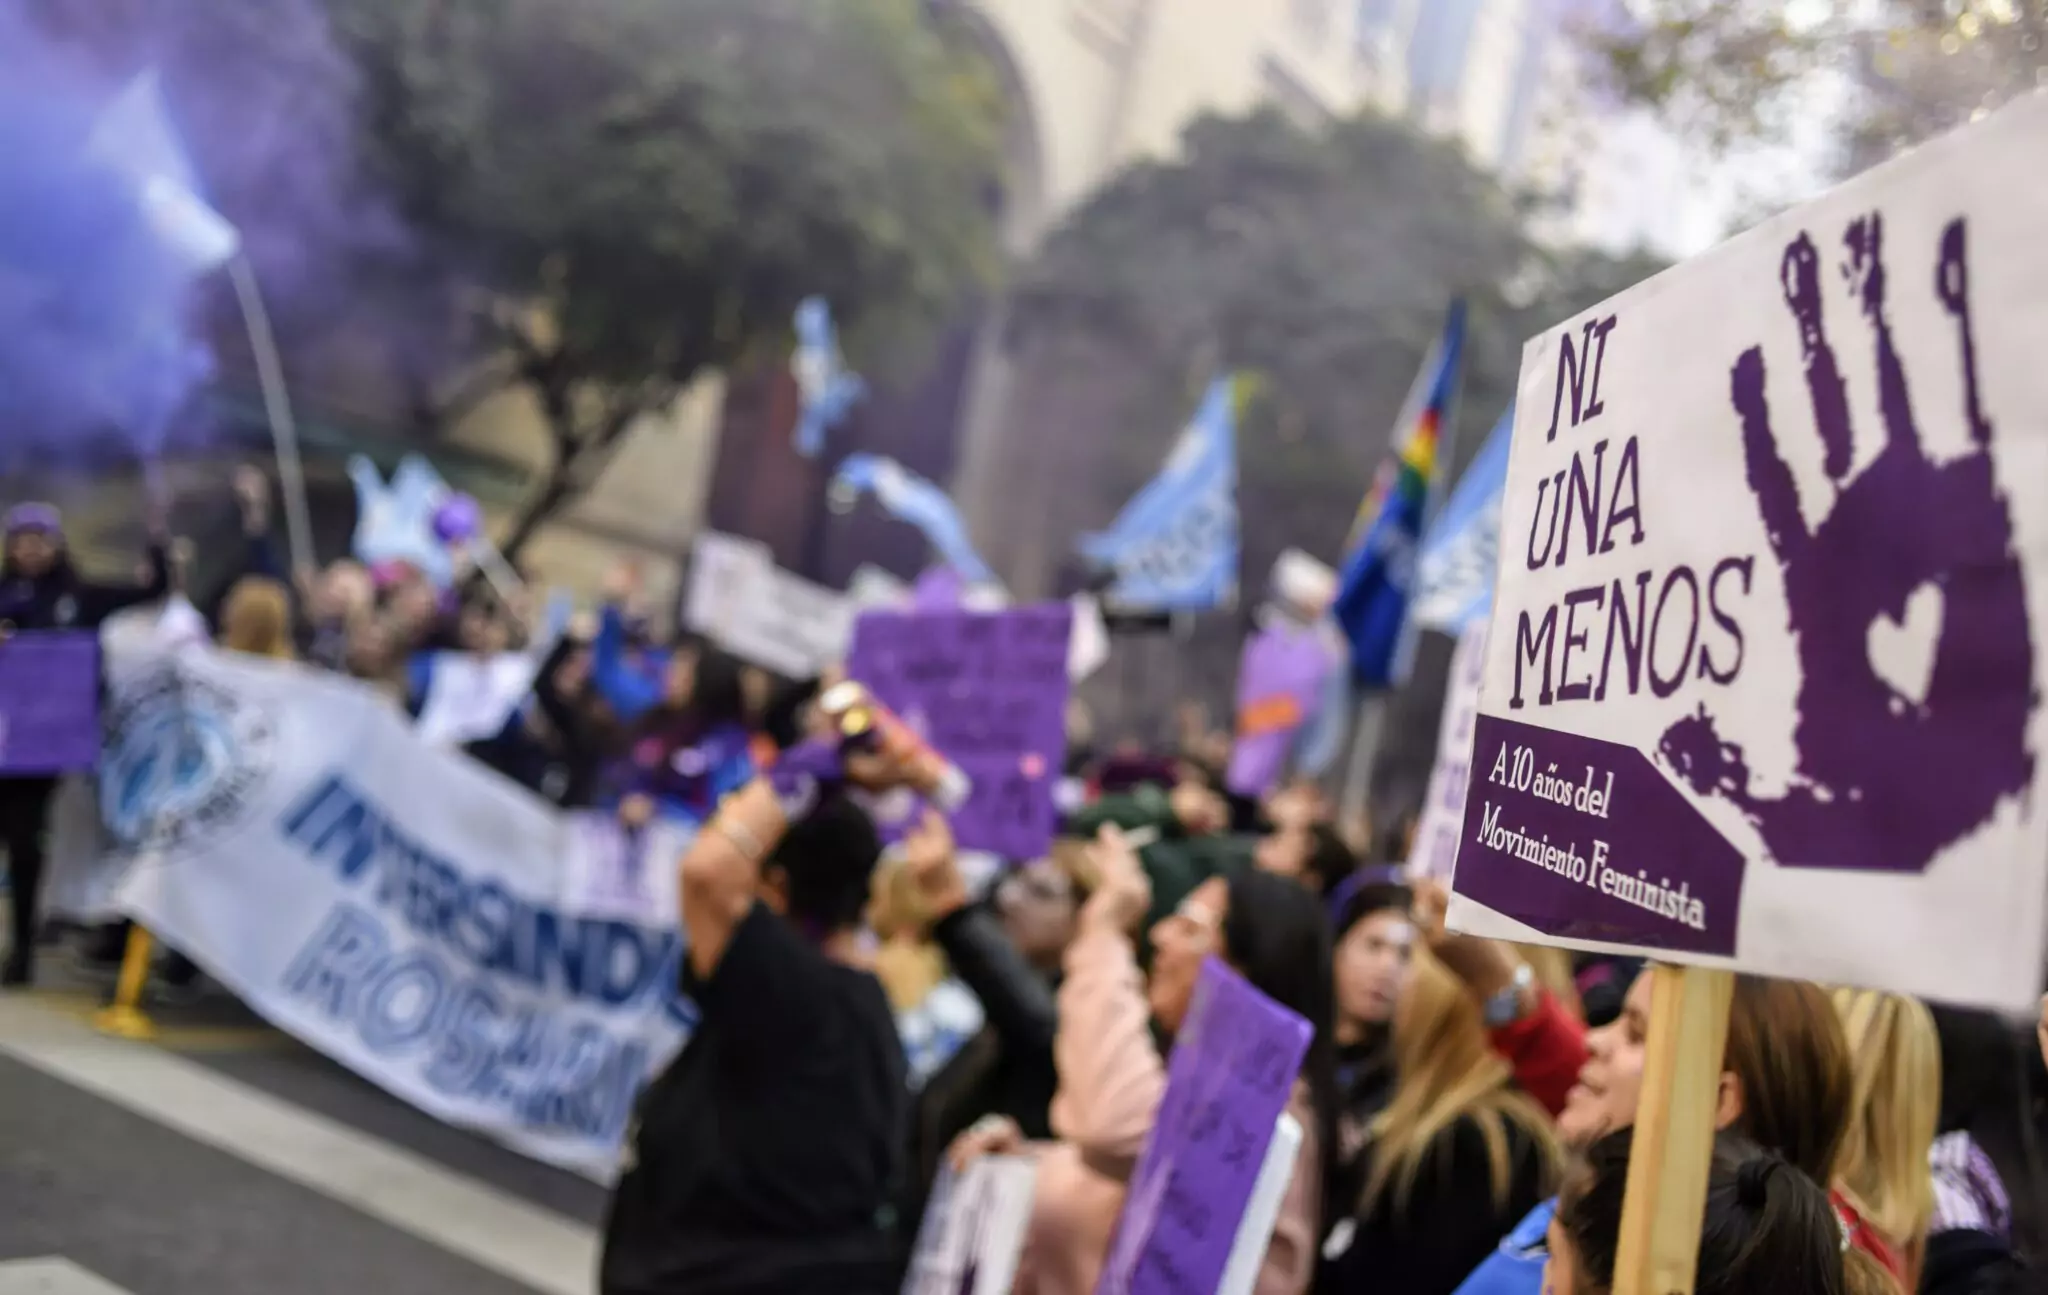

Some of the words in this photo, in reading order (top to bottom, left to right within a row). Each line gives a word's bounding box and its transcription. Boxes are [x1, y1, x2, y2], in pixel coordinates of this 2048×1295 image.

[1547, 314, 1617, 442] NI
[1527, 435, 1644, 571] UNA
[1509, 555, 1754, 710] MENOS
[1533, 762, 1573, 807] años
[1574, 765, 1614, 819] del
[1477, 801, 1586, 883] Movimiento
[1586, 839, 1706, 931] Feminista
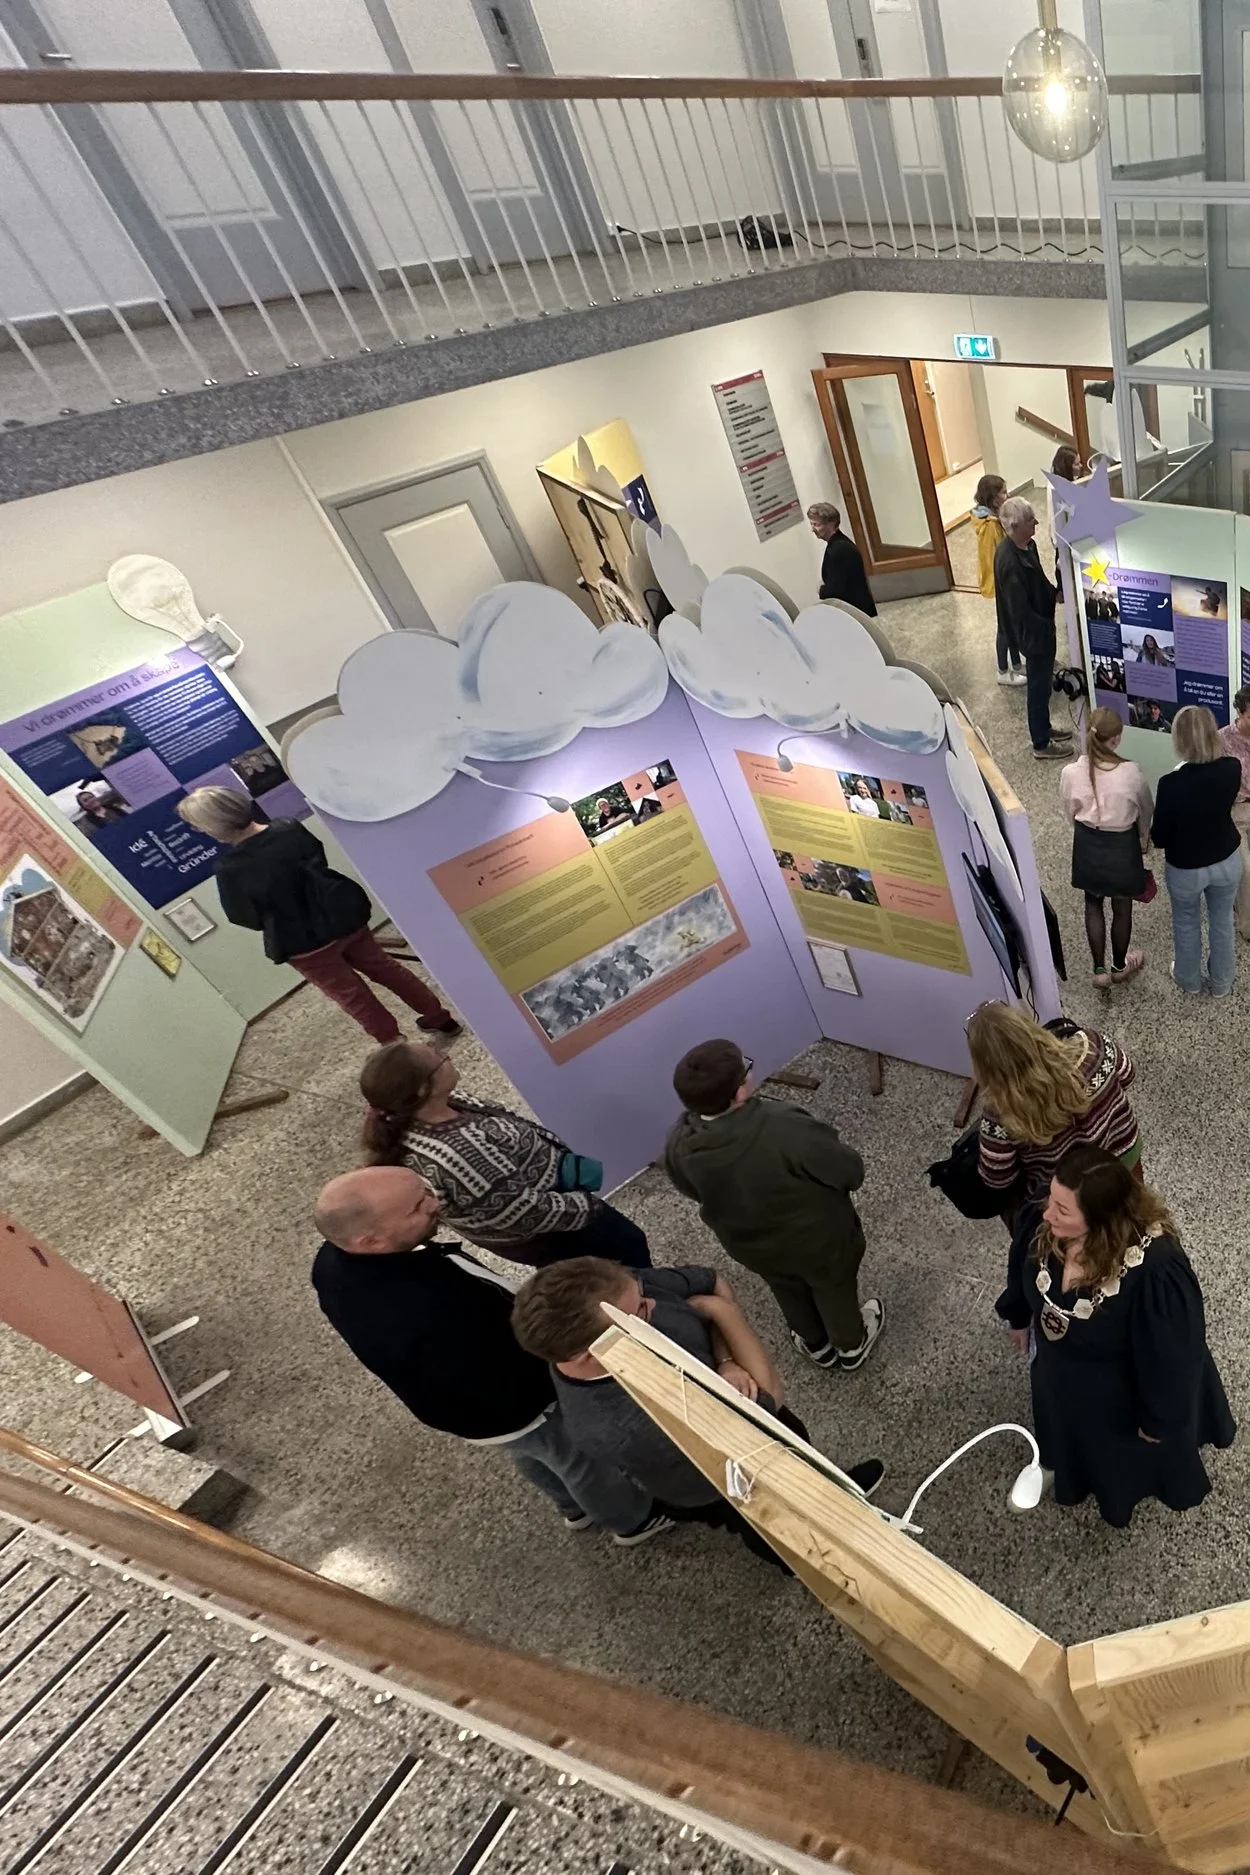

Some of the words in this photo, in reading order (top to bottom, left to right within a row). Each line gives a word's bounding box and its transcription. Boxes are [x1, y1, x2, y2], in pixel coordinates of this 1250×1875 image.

Work request> Restate the data above exactly, stripping out each image.

Reply to the task>
Some of the words in this photo, in reading order (top to bottom, left to right within a row). Each line gives a word's bounding box and its transcription. Boxes are [x1, y1, x2, y2], in pixel coordinates of this 2048×1295 image.

[1547, 314, 1617, 442] NI
[1527, 435, 1644, 571] UNA
[1509, 555, 1754, 710] MENOS
[1533, 762, 1573, 807] años
[1574, 765, 1614, 819] del
[1477, 801, 1586, 883] Movimiento
[1586, 839, 1706, 931] Feminista

Some of the words in this photo, in reading order (top to bottom, left to right within a row). Each line gives a word's bounding box and its transcription. Boxes are [x1, y1, x2, y2], in pixel coordinates of this 1250×1875 image.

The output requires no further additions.